Each record below should be returned exactly, with its pictures left out.
* * * * * * *
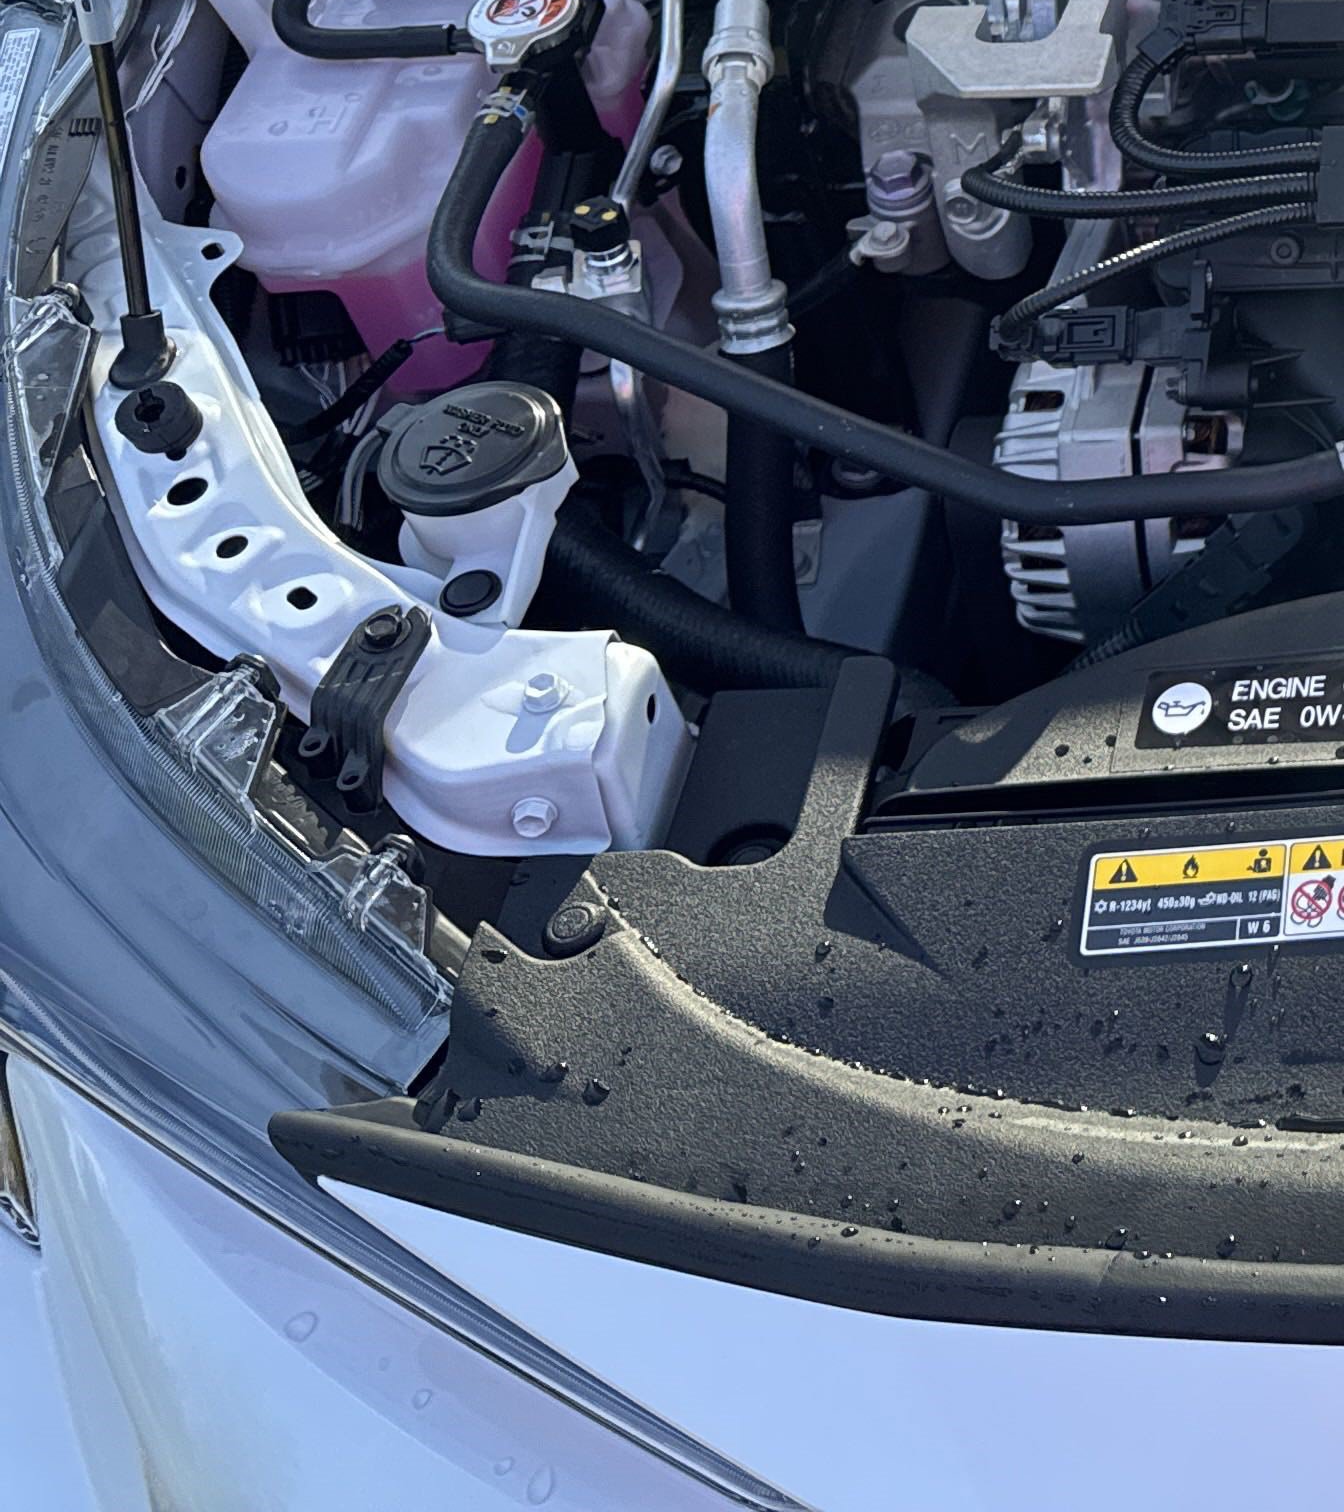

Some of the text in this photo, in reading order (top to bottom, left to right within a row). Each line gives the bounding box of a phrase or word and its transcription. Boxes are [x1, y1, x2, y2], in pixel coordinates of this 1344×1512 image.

[1231, 675, 1326, 702] ENGINE
[1227, 706, 1282, 732] SAE
[1248, 890, 1258, 903] 12
[1259, 888, 1281, 904] (PAG)
[1247, 920, 1271, 935] W 6
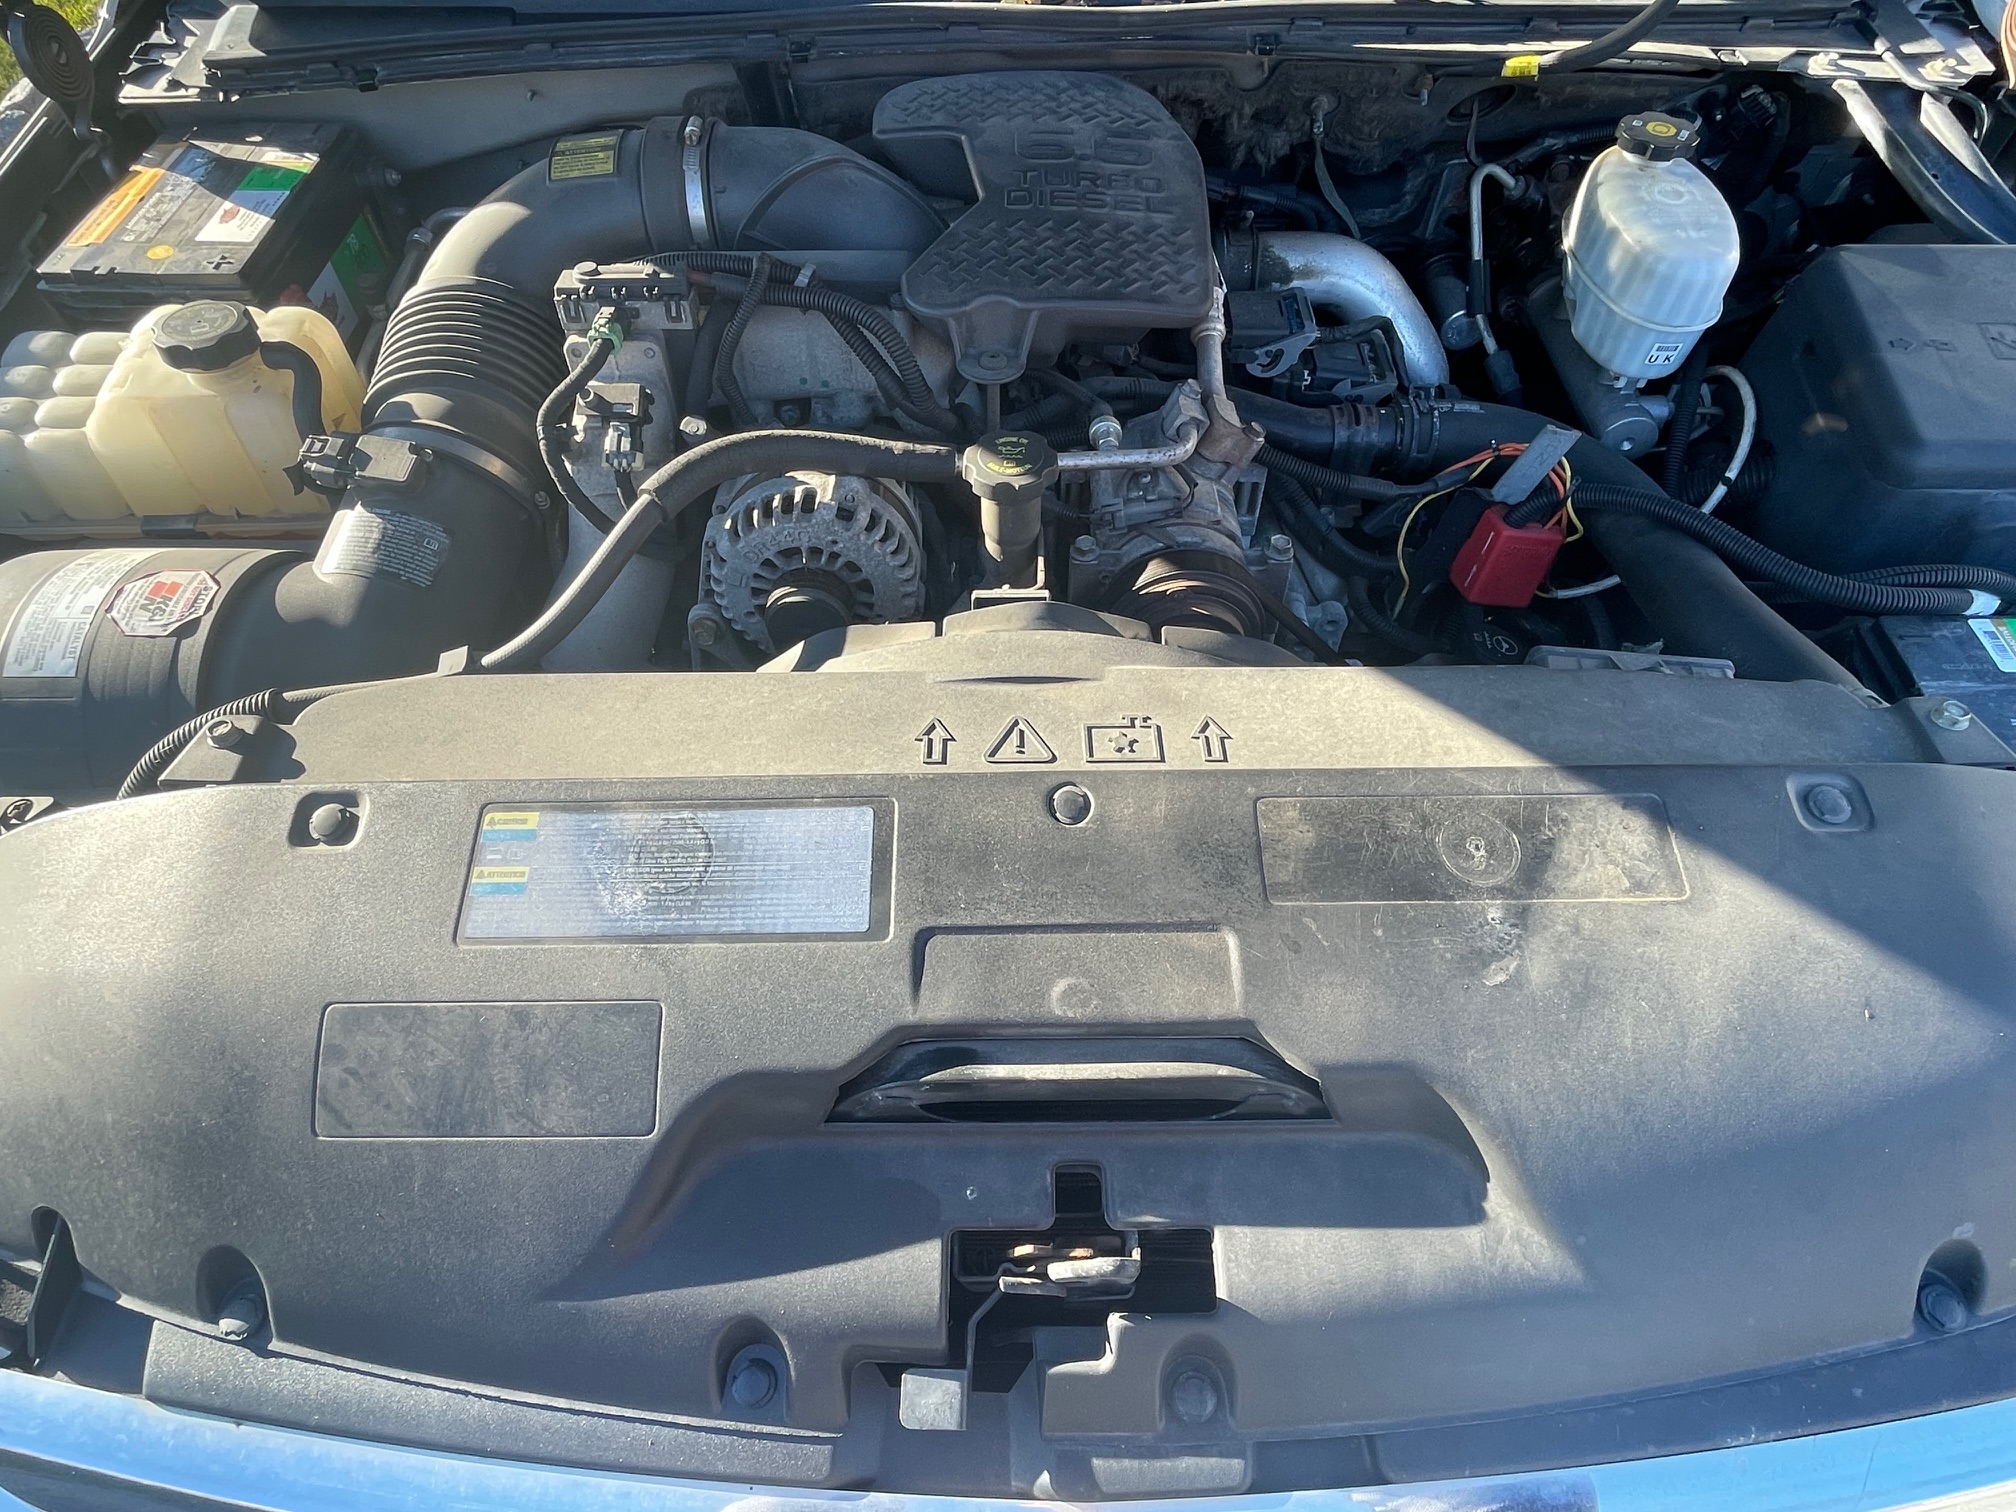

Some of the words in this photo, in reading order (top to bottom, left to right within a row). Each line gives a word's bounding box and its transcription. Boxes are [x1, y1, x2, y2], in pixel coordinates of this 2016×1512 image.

[1012, 168, 1167, 197] TURBO
[1004, 188, 1177, 219] DIESEL
[69, 621, 87, 660] CATALYST
* * * * * * *
### Output of the task:
Some of the text in this photo, in reading order (top to bottom, left to right within a row). Each line gives the bounding box of a phrase or word and its transcription. Boxes are [x1, y1, x2, y2], in pixel coordinates of this 1344×1512 image.

[1231, 675, 1326, 702] ENGINE
[1227, 706, 1282, 732] SAE
[1248, 890, 1258, 903] 12
[1259, 888, 1281, 904] (PAG)
[1247, 920, 1271, 935] W 6

Some of the words in this photo, in reading order (top to bottom, left to right within a row). Each line gives a word's bounding box and its transcription. Boxes are [x1, y1, x2, y2], in pixel coordinates of this 2016×1512 image.

[1012, 168, 1167, 197] TURBO
[1004, 188, 1177, 219] DIESEL
[69, 621, 87, 660] CATALYST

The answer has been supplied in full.